Mark W Clemens et al. Plast Reconstr Surg. 2012 Jan.

Abstract

Background: Obtaining good functional outcomes with reconstruction following resection of primary bone tumors of the trunk and extremities is a significant challenge. The authors present their reconstructive experience using vascularized fibula flap transfer to improve bone healing and optimize functional outcomes.

Methods: From 2001 to 2010, 52 consecutive patients received 53 fibula flaps for trunk (n = 19), lower extremity (n = 21), and upper extremity (n = 13) composite reconstructions.
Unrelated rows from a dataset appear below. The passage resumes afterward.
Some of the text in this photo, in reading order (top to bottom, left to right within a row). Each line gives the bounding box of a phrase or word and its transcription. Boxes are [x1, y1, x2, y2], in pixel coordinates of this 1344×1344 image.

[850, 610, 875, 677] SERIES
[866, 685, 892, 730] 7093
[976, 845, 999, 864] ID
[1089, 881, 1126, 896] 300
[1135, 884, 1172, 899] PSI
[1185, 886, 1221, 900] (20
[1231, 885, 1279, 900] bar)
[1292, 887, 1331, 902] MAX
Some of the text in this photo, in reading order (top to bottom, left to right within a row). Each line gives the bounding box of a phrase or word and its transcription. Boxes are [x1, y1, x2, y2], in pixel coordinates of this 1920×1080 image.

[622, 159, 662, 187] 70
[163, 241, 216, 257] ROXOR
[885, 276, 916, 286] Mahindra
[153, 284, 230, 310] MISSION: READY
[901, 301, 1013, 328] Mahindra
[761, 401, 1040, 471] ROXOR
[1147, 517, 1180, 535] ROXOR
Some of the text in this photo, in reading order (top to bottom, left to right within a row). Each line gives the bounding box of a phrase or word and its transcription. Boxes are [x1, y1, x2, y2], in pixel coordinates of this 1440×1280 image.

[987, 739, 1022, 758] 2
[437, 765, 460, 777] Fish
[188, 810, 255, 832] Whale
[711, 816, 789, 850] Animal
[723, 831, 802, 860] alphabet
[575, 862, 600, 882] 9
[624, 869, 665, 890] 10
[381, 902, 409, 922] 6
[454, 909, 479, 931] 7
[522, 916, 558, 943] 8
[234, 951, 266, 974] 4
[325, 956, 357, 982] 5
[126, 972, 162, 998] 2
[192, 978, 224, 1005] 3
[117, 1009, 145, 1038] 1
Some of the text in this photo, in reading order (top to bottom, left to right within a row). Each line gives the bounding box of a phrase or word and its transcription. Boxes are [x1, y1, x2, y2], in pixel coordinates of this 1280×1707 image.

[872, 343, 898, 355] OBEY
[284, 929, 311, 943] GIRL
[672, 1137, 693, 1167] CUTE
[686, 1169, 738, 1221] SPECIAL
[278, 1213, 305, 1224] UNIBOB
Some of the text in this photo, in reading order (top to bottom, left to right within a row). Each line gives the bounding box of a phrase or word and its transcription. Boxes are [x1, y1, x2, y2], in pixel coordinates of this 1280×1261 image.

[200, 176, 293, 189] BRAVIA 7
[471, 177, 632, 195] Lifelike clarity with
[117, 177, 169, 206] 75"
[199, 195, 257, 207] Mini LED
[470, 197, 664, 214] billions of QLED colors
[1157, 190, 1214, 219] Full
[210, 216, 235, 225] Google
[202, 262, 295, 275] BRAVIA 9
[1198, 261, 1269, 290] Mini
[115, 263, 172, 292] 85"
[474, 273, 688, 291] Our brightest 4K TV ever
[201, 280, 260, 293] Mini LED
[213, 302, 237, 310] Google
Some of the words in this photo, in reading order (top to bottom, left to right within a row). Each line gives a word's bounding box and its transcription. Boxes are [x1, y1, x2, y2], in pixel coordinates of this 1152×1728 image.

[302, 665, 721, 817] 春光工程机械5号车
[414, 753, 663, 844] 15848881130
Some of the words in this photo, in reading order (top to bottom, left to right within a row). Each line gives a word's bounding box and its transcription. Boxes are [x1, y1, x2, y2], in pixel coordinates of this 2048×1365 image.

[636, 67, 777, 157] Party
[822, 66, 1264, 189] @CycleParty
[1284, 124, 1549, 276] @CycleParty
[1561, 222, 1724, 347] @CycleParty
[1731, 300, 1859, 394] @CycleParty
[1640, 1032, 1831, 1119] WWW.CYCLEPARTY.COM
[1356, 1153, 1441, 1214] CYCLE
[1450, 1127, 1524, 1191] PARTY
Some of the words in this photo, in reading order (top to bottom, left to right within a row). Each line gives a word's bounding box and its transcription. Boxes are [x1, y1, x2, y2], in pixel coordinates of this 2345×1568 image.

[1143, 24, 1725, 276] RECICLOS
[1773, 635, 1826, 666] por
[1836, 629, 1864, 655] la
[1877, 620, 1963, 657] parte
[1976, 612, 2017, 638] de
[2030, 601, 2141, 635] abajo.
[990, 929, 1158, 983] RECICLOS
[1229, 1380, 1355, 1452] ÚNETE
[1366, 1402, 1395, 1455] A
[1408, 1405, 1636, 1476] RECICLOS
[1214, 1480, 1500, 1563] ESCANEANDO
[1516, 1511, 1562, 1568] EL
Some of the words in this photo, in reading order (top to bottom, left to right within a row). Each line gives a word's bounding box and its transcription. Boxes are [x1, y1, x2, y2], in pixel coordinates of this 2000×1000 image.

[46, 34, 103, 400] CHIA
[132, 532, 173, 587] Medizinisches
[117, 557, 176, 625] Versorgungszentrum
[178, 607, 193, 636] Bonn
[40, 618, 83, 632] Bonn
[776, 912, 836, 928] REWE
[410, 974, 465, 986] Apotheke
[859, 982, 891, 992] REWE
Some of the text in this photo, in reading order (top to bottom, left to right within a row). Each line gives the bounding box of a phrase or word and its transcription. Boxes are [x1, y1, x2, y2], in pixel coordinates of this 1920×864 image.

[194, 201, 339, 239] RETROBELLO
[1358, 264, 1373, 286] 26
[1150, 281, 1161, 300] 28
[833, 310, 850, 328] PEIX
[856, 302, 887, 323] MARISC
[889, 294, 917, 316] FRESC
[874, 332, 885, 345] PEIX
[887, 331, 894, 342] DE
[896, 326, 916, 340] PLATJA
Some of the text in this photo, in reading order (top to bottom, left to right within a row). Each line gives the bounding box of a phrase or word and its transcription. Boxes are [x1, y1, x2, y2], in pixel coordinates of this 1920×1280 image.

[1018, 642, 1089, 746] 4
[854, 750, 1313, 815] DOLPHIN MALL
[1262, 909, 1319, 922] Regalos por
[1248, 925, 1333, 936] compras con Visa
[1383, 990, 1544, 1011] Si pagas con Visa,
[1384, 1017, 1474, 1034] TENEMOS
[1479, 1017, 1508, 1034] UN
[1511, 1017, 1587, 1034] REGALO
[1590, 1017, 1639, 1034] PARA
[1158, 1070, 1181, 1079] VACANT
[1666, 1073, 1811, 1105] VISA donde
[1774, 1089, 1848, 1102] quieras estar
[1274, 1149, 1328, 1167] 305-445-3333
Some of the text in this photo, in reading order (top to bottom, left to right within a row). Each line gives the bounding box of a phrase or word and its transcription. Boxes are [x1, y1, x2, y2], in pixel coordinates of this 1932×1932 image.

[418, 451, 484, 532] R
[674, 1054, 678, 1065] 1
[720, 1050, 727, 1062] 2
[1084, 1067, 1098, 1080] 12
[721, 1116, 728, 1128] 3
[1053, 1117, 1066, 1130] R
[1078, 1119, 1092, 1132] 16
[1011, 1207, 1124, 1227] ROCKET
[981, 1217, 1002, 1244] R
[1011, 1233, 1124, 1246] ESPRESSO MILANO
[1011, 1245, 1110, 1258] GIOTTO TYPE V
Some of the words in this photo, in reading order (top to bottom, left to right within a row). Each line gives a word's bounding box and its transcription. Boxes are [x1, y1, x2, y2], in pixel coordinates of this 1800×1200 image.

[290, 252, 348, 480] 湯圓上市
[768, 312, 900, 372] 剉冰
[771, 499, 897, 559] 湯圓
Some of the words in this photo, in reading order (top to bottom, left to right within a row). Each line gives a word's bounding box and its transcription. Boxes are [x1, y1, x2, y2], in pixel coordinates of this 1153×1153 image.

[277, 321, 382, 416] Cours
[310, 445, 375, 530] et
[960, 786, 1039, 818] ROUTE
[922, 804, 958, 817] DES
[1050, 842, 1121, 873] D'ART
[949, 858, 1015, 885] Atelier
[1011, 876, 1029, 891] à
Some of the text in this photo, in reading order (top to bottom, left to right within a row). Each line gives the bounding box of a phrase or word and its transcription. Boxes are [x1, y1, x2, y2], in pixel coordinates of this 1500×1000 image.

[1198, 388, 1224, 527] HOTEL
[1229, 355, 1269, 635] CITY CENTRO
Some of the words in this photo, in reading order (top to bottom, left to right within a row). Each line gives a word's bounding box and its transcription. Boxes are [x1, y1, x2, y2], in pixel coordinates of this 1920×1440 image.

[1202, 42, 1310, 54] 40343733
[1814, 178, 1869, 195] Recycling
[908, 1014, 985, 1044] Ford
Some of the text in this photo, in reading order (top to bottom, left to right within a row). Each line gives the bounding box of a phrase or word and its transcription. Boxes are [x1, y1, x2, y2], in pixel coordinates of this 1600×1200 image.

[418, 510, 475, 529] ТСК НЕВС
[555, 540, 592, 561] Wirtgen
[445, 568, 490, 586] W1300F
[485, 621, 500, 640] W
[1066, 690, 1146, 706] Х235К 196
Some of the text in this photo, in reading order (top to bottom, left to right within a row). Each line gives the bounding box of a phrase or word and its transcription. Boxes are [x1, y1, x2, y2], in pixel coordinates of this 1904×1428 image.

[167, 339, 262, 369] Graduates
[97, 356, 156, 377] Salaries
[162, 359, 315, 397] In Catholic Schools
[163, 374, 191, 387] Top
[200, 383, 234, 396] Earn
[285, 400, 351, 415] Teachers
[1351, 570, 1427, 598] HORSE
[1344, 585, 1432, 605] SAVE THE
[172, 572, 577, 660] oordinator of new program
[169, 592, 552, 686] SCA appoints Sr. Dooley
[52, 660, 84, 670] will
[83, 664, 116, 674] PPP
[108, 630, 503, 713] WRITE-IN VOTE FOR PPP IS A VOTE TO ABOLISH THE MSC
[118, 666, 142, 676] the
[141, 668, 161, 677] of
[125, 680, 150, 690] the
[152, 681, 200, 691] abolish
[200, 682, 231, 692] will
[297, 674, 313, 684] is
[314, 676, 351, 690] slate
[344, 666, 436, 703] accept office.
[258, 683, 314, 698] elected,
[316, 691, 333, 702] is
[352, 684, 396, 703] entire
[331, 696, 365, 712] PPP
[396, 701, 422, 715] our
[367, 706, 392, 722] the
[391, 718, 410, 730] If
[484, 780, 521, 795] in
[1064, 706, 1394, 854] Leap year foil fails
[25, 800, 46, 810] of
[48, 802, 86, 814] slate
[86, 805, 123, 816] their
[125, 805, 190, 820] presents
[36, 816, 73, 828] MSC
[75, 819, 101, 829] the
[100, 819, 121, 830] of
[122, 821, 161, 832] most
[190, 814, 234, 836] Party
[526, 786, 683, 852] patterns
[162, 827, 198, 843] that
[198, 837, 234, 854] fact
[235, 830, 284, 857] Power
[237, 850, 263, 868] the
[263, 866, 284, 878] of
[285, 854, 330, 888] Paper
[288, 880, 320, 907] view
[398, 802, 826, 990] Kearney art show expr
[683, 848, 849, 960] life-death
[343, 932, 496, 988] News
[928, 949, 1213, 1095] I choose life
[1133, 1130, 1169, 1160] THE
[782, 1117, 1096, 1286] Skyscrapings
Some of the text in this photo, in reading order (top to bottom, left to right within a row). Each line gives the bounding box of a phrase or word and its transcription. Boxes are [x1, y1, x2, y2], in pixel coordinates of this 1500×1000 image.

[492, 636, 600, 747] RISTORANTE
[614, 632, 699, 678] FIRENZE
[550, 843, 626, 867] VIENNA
Results: Extremity segmental bone defects were repaired using an intramedullary (n = 14) or onlay technique (n = 20), and pelvic ring defects were repaired using double-barrel struts (n = 16). There were three spinal defect reconstructions. Growth plate transfer with vascularized fibula was used in pediatric patients (n = 5). The mean follow-up time was 36.8 months. There were no flap losses. Complications included delayed wound healing (7.5 percent), infection (1.8 percent), and hardware failure (1.8 percent). Bony unions were achieved in 94.3 percent of patients, with a mean time of 2.8 months (range, 1.5 to 5 months) to initial bony bridging and 5.4 months (range, 1.5 to 12 months) to final bony union. All upper extremity patients were able to use their reconstructed limb. All trunk and lower extremity patients were able to ambulate.

Conclusion: Reconstructions with vascularized fibula flaps can result in a high rate of bone union and short healing time, facilitate early ambulation, provide good functional outcomes, improve quality of life, and avoid debilitating amputations.

Clinical question/level of evidence: Therapeutic, IV.